[JURIST] The US Supreme Court [official website] ruled 6-3 [opinion, PDF] on Tuesday in Kawashima v. Holder [SCOTUSblog backgrounder] that, under the Immigration and Nationality Act [8 USC § 1101 et seq.], the making of false tax returns is a crime involving fraud or deceit, which can result in deportation, when the government suffers a loss of more than $10,000. Petitioners Akio and Fusako Kawashima are natives and citizens of Japan who were living in California as lawful permanent residents. Petitioners were charged with, and pleaded guilty to, filing, and aiding and abetting in filing, a false statement on a corporate tax return. An immigration judge ordered the deportation of the petitioners, after determining the convictions were “aggravated felonies” within the meaning of the Immigration and Nationality Act. The Board of Immigration Appeals affirmed the decision, which was ultimately upheld [opinion] US Court of Appeals for the Ninth Circuit. In an opinion authored by Justice Clarence Thomas, the Supreme Court affirmed:
The language of [the statute] is clear. Anyone who is convicted of an offense that “involves fraud or deceit in which the loss to the victim or victims exceeds $10,000” has committed an aggravated felony and is subject to deportation pursuant to 8 USC § 1227(a)(2)(A)(iii). The elements of willfully making and subscribing a false corporate tax return, in violation of 26 USC § 7206(1), and of aiding and assisting in the preparation of a false tax return, in violation of 26 USC § 7206(2), establish that those crimes are deportable offenses because they necessarily entail deceit.
Justice Ruth Bader Ginsburg authored a dissenting opinion, in which she was joined by Justices Stephen Breyer and Elena Kagan. The court’s ruling resolved a split among the circuits regarding whether filing a false tax return was an aggravated felony under the Immigration and Nationality Act.

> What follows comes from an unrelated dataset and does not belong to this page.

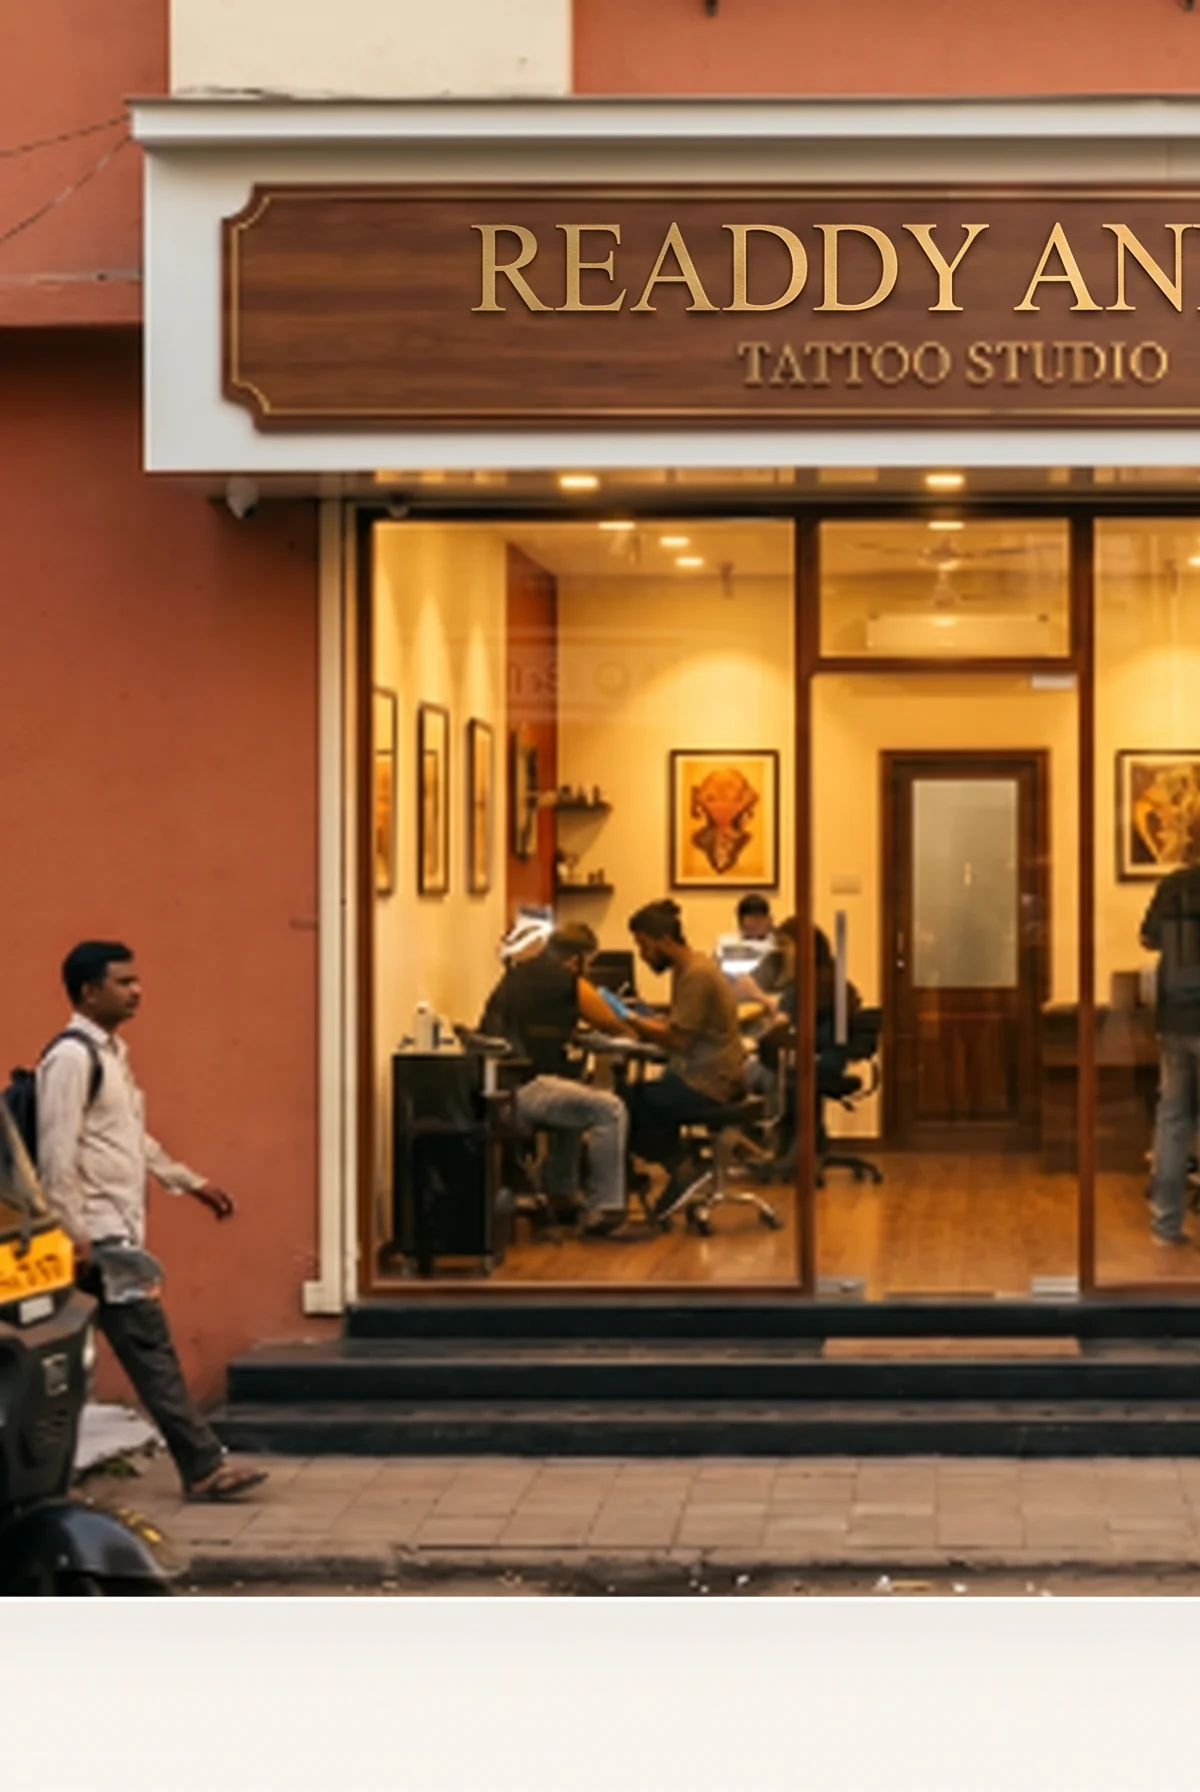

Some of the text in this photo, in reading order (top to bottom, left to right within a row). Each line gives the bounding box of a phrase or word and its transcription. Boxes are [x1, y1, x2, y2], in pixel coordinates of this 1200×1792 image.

During oral arguments [JURIST report], lawyers for the petitioners argued that filing a false tax return does meet the definition of “fraud or deceit” because the US government does not have to prove any intent to deceive in order to establish that a false tax return has been filed. Several justices were skeptical of petitioners’ position that an intentional lie does not necessarily mean an intent to deceive.